Exercise directions
Everything in the listing below must be set down again exactly, apart from the pictures.

Material provided START

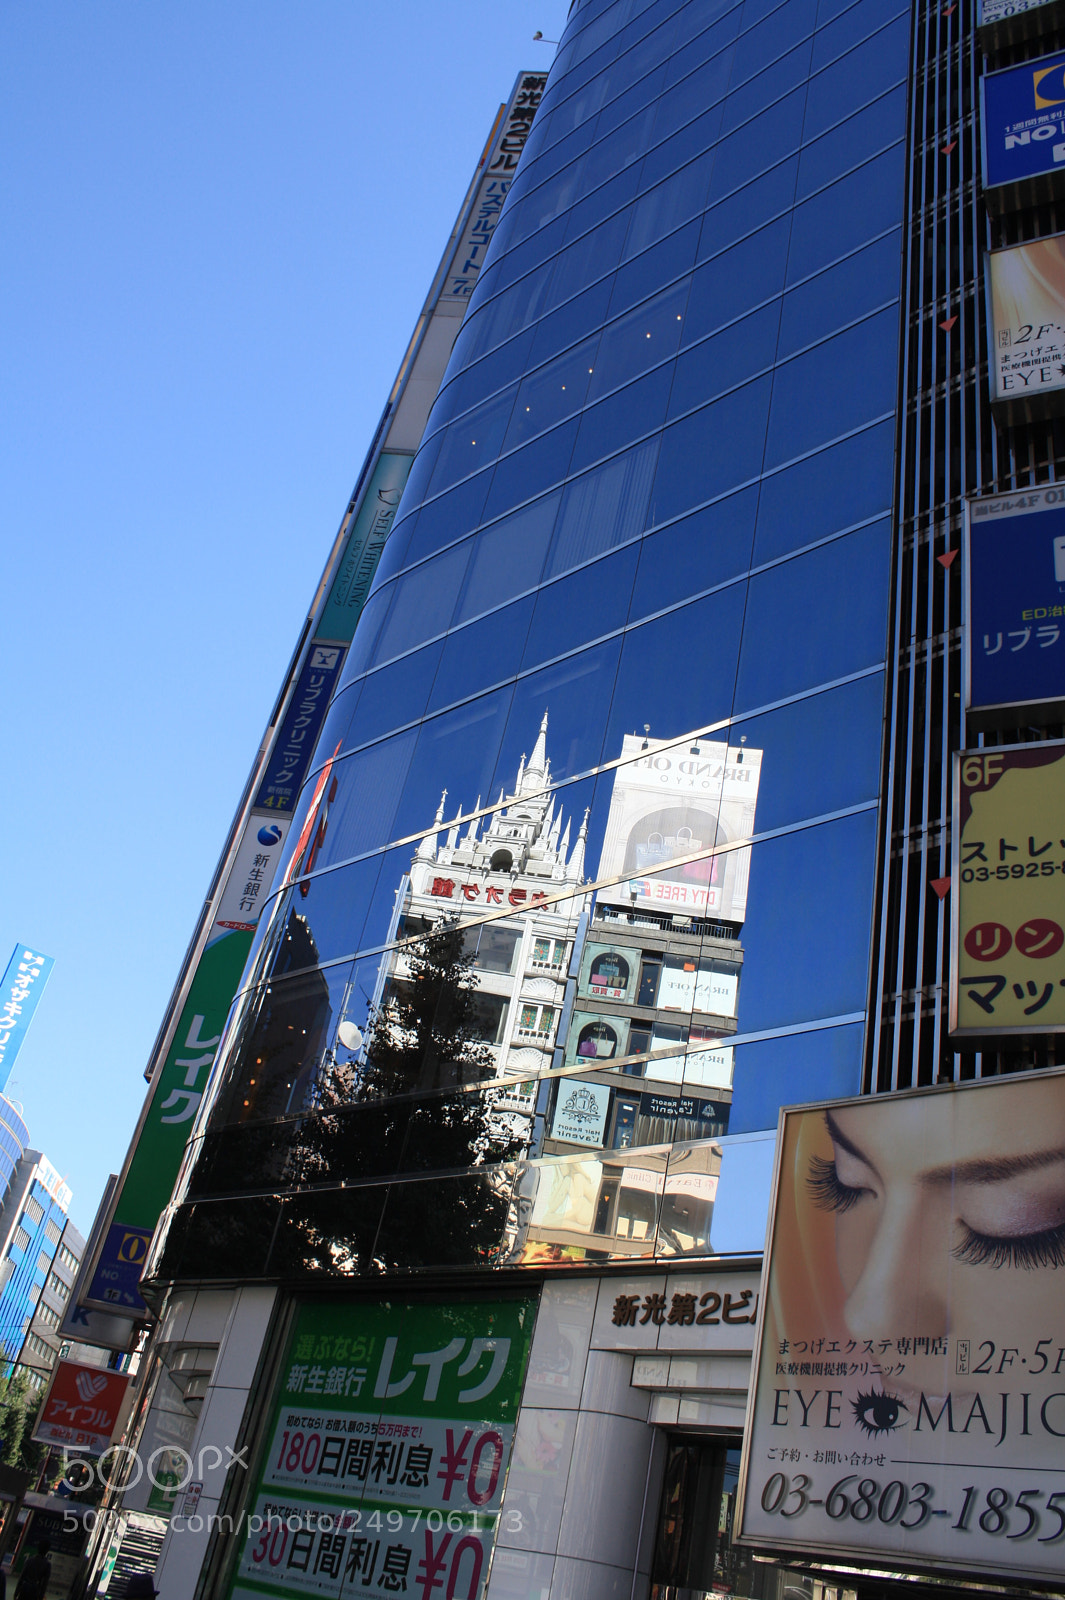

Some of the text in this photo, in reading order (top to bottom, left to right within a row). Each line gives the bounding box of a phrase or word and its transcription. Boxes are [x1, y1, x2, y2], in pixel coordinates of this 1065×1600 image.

[490, 75, 547, 170] 新光第2ビル
[1004, 110, 1065, 133] 1週間無利
[1005, 125, 1057, 150] NO
[462, 181, 511, 274] パステルコート
[452, 280, 472, 294] 7F
[1000, 344, 1065, 363] まつげエ
[1001, 351, 1065, 372] 医療機関提携
[1002, 366, 1052, 391] EYE
[348, 510, 395, 608] SELF WHITENING
[1022, 604, 1065, 621] ED治
[983, 624, 1060, 656] リブラ
[275, 674, 323, 784] リブラクリニック
[961, 754, 1004, 787] 6F
[264, 796, 290, 809] 4F
[961, 835, 1065, 864] ストレ
[239, 853, 270, 913] 新生銀行
[961, 861, 1065, 883] 03-5925-
[160, 1014, 221, 1124] レイク
[295, 1333, 376, 1362] 選ぶなら!
[778, 1336, 949, 1356] まつげエクステ専門店
[285, 1363, 368, 1397] 新生銀行
[373, 1336, 512, 1403] レイク
[775, 1361, 906, 1377] 医療機関提携クリニック
[49, 1398, 111, 1429] アイフル
[771, 1388, 843, 1429] EYE
[76, 1433, 98, 1446] B1F
[276, 1430, 434, 1488] 180日間利息
[436, 1428, 504, 1506] ¥0
[767, 1447, 887, 1467] ご予約・お問い合わせ
[760, 1471, 1065, 1542] 03-6803-1855
[252, 1519, 413, 1593] 30日間利息
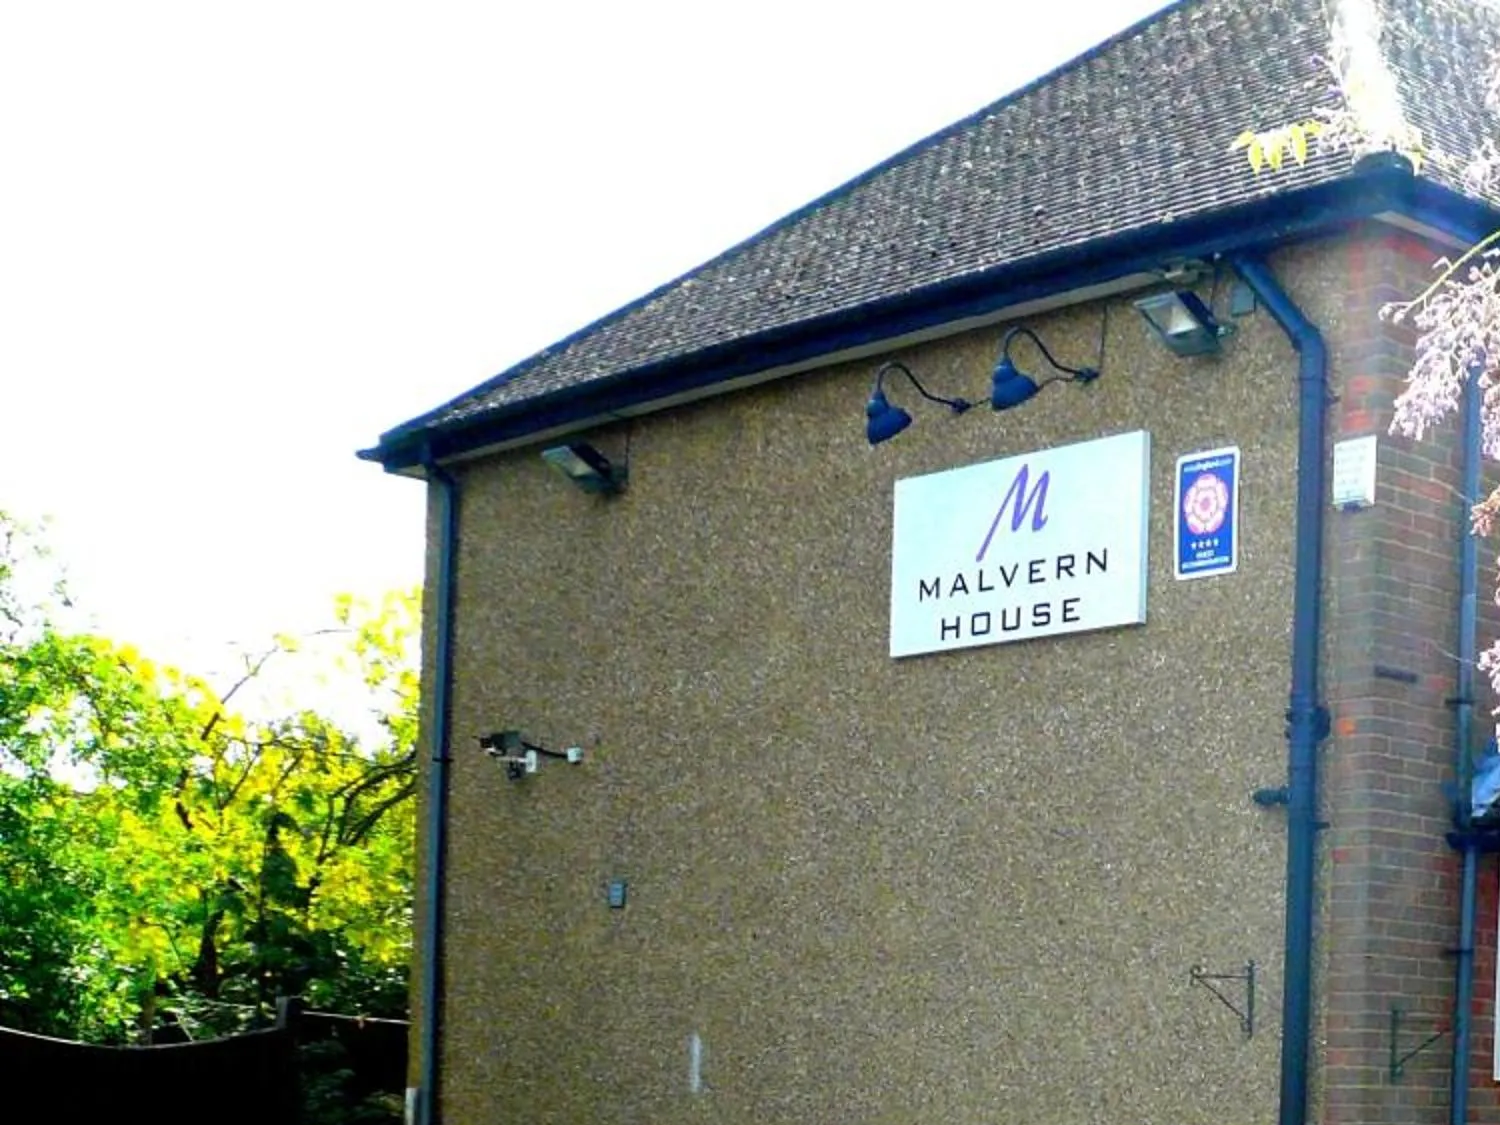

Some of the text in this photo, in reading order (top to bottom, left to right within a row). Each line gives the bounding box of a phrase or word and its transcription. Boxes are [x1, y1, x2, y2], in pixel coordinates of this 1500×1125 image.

[976, 463, 1050, 562] M
[919, 548, 1108, 601] MALVERN
[941, 597, 1081, 641] HOUSE

Material provided END

Solution to the problem
Some of the text in this photo, in reading order (top to bottom, left to right within a row). Each line gives the bounding box of a phrase or word and its transcription. Boxes are [x1, y1, x2, y2], in pixel coordinates of this 1065×1600 image.

[490, 75, 547, 170] 新光第2ビル
[1004, 110, 1065, 133] 1週間無利
[1005, 125, 1057, 150] NO
[462, 181, 511, 274] パステルコート
[452, 280, 472, 294] 7F
[1000, 344, 1065, 363] まつげエ
[1001, 351, 1065, 372] 医療機関提携
[1002, 366, 1052, 391] EYE
[348, 510, 395, 608] SELF WHITENING
[1022, 604, 1065, 621] ED治
[983, 624, 1060, 656] リブラ
[275, 674, 323, 784] リブラクリニック
[961, 754, 1004, 787] 6F
[264, 796, 290, 809] 4F
[961, 835, 1065, 864] ストレ
[239, 853, 270, 913] 新生銀行
[961, 861, 1065, 883] 03-5925-
[160, 1014, 221, 1124] レイク
[295, 1333, 376, 1362] 選ぶなら!
[778, 1336, 949, 1356] まつげエクステ専門店
[285, 1363, 368, 1397] 新生銀行
[373, 1336, 512, 1403] レイク
[775, 1361, 906, 1377] 医療機関提携クリニック
[49, 1398, 111, 1429] アイフル
[771, 1388, 843, 1429] EYE
[76, 1433, 98, 1446] B1F
[276, 1430, 434, 1488] 180日間利息
[436, 1428, 504, 1506] ¥0
[767, 1447, 887, 1467] ご予約・お問い合わせ
[760, 1471, 1065, 1542] 03-6803-1855
[252, 1519, 413, 1593] 30日間利息

Some of the text in this photo, in reading order (top to bottom, left to right within a row). Each line gives the bounding box of a phrase or word and its transcription. Boxes are [x1, y1, x2, y2], in pixel coordinates of this 1500×1125 image.

[976, 463, 1050, 562] M
[919, 548, 1108, 601] MALVERN
[941, 597, 1081, 641] HOUSE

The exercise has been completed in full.